--- START ---

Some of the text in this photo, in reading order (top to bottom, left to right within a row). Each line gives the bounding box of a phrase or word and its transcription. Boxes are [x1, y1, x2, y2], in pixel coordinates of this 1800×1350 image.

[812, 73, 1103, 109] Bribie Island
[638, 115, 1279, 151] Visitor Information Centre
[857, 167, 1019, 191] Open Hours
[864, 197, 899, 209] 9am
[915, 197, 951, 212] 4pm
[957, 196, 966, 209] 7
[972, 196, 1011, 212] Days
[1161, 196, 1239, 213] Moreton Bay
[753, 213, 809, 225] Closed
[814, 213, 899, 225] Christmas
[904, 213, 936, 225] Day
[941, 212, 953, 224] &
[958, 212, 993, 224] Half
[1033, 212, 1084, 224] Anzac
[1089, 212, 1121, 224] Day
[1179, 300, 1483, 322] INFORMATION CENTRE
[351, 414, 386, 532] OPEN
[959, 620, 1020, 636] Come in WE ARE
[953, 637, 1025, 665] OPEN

--- END ---

◆ **Action item**:
Keeping every word in place, restate the entries above.

◆ **Response area**:
Some of the text in this photo, in reading order (top to bottom, left to right within a row). Each line gives the bounding box of a phrase or word and its transcription. Boxes are [x1, y1, x2, y2], in pixel coordinates of this 1800×1350 image.

[812, 73, 1103, 109] Bribie Island
[638, 115, 1279, 151] Visitor Information Centre
[857, 167, 1019, 191] Open Hours
[864, 197, 899, 209] 9am
[915, 197, 951, 212] 4pm
[957, 196, 966, 209] 7
[972, 196, 1011, 212] Days
[1161, 196, 1239, 213] Moreton Bay
[753, 213, 809, 225] Closed
[814, 213, 899, 225] Christmas
[904, 213, 936, 225] Day
[941, 212, 953, 224] &
[958, 212, 993, 224] Half
[1033, 212, 1084, 224] Anzac
[1089, 212, 1121, 224] Day
[1179, 300, 1483, 322] INFORMATION CENTRE
[351, 414, 386, 532] OPEN
[959, 620, 1020, 636] Come in WE ARE
[953, 637, 1025, 665] OPEN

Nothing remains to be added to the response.